Is the barometer for consensual sex the confidence that our partner won’t accuse us of assault? Or should it be enthusiastic enjoyment for both parties? And if, like me, most would agree on the latter, how do we get there? “Some of this is happening now in how we are finally seeing validation of some of the experiences that are very familiar for most heterosexual women,” says Vera-Gray. “Experiences where we weren’t seen as actors in the exchange but rather as something that sex is done to. Where our hands were moved as if we didn’t know what we were doing, where the fact we are not kissing someone back isn’t even recognized.”

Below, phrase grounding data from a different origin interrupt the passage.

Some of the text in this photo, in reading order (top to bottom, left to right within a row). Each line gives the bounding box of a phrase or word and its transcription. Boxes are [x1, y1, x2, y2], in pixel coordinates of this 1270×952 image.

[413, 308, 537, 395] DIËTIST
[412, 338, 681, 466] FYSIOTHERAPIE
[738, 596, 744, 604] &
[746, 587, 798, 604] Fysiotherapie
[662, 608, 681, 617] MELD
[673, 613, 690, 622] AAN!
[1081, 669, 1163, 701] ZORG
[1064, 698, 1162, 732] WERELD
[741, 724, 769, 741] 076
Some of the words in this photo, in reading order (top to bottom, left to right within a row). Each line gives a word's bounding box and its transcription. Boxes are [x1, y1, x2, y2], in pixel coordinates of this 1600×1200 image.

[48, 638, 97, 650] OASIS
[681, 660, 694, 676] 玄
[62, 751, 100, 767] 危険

Why is this an important narrative?
“This may be an unpopular opinion, but I actually think this story is going to end up being the most important story [of the #MeToo movement],” writer Jessica Valenti told Jordan Klepper on The Opposition. The fact that this story has many more layers and nuances than the ones that have come forth in the past, be it about Weinstein or Roy Moore, is at the core of why it’s an important story worthy of attention. As journalist David Klion pointed out on Twitter, “The Aziz Ansari story is a good litmus test for who sees sexual misconduct as a strictly legal question and who is concerned about improving the overall culture surrounding sex and dating.”
“We live in a world that frequently tells women who feel like men are overstepping sexual boundaries that we’re being paranoid or that we’re narcissistic,” Vera-Gray tells us. “We’re told the problem is us—that we’re a prude or frigid. That we misread the situation or that it was our fault anyway. The key to the problem then is not about changing how uncomfortable women feel to speak out, but changing a culture that encourages our silence and doesn’t listen to us when we do.” What the #MeToo movement stresses is that no one should ever feel silenced or ashamed of speaking out, no matter who they are or what situation they’re in.

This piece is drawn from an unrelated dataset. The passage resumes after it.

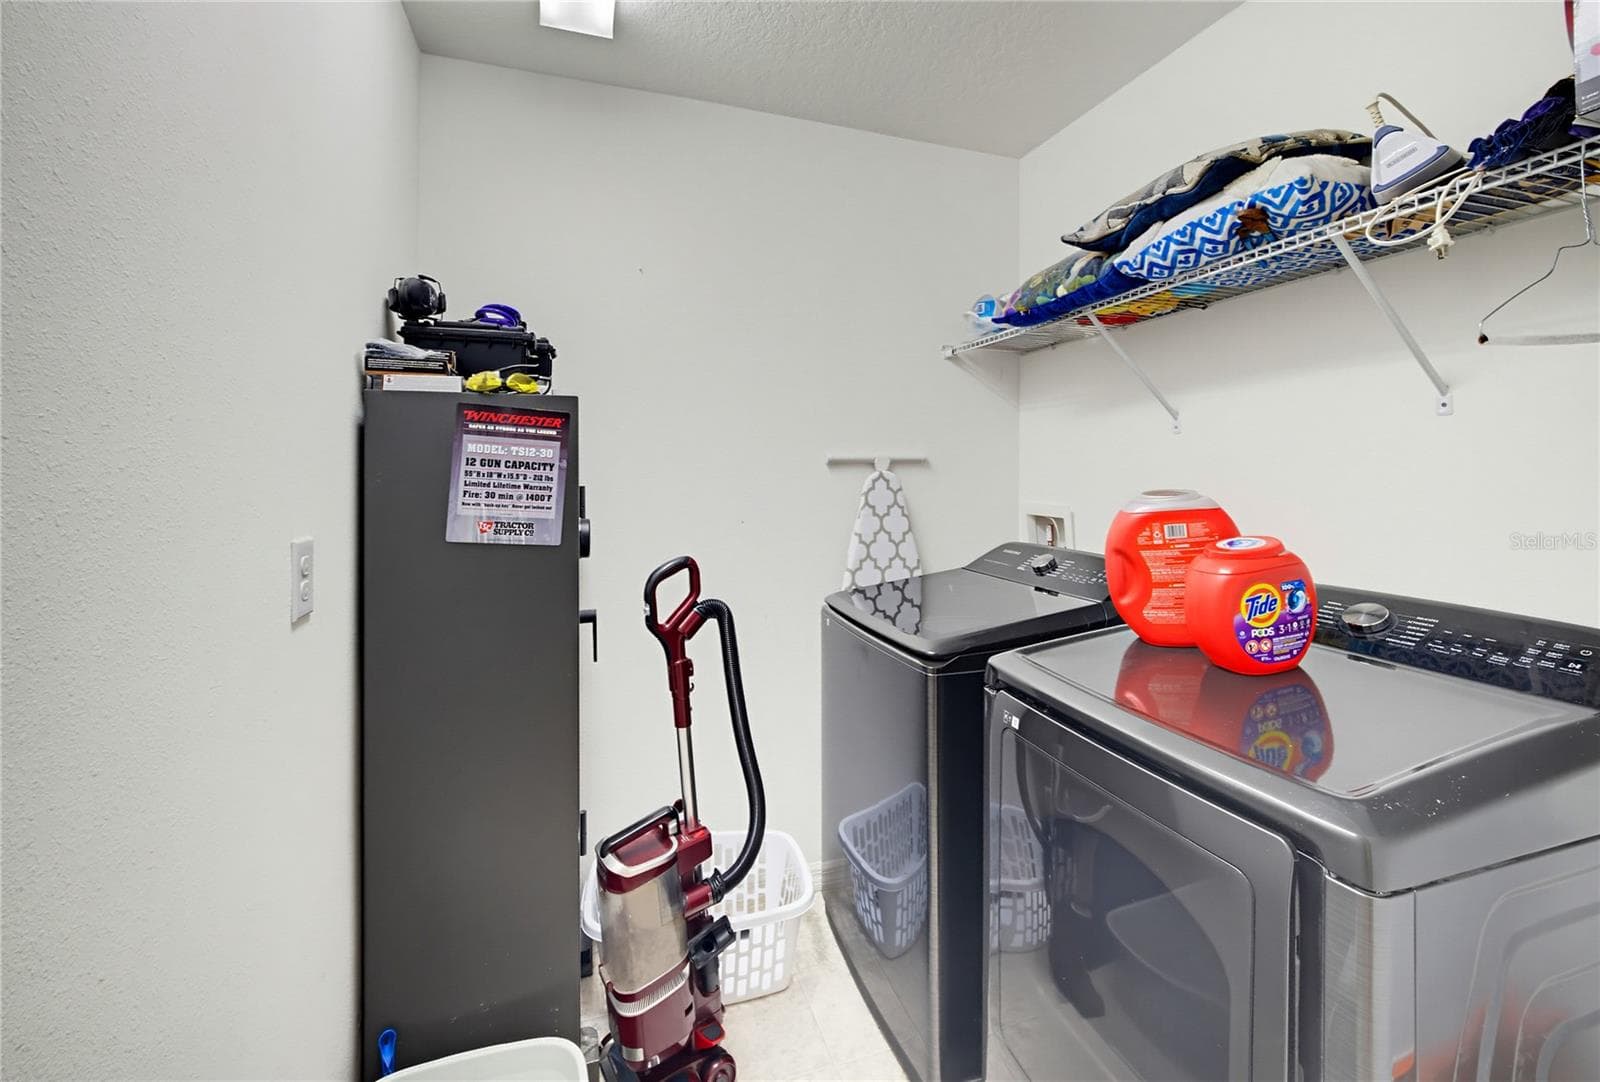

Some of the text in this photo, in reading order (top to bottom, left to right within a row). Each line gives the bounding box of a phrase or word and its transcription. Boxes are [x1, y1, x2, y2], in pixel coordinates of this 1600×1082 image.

So how do we reshape the conversation?
In the wake of these allegations, we shouldn’t focus on blaming or shaming either party. We should recognize the existing dynamics that perpetuate our broken sexual culture. If we are to continue talking about this issue, we all need to reflect on our past behavior and reassess whether we’ve ever acted in a way that silenced someone who felt uncomfortable.
“We need to acknowledge that we’re still socializing boys and girls with gender expectations that are decades old, even though dates look nothing like they used to,” Heidi Stevens wrote for Chicago Tribune. “We need to talk up enthusiastic consent—when both parties are equally eager, when no one’s wearing anyone down, when no one’s being worn down. We need to empower our girls and boys, both, to say ‘Oh, hell yes’ as well as ‘Oh, hell no.’ We need to help our girls and our boys listen for both.” We need everyone to recognize the importance of treating sexual partners as equals, and we need to understand that paying attention to their feelings and boundaries is not simply preferred, but critical. Most importantly, we need to level the playing field that is at the base of our sexual relationships.

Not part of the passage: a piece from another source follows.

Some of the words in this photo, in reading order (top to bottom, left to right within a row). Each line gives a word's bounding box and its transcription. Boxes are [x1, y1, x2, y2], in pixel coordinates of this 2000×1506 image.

The language that we currently have to speak about these issues, ranging from “bad dates” to “criminal assault,” fails to recognize the nuances that exist within sexual power dynamics. In many respects, it’s insufficient to redefine what constitutes consent. On her Comedy Central show Full Frontal, Samantha Bee declared, “People are worried about Aziz Ansari’s career, which no one is trying to end, but we know the difference between a rapist, a workplace harasser, and an Aziz Ansari. That doesn’t mean we have to be happy about any of them.”
It’s easy to recognize monstrous behaviors like the ones exhibited by Harvey Weinstein. It’s much harder to recognize the nuances of “sexist sex versus rape”—which is why the most important work of the #MeToo movement lies ahead.
Now we have no excuse to not be self-aware.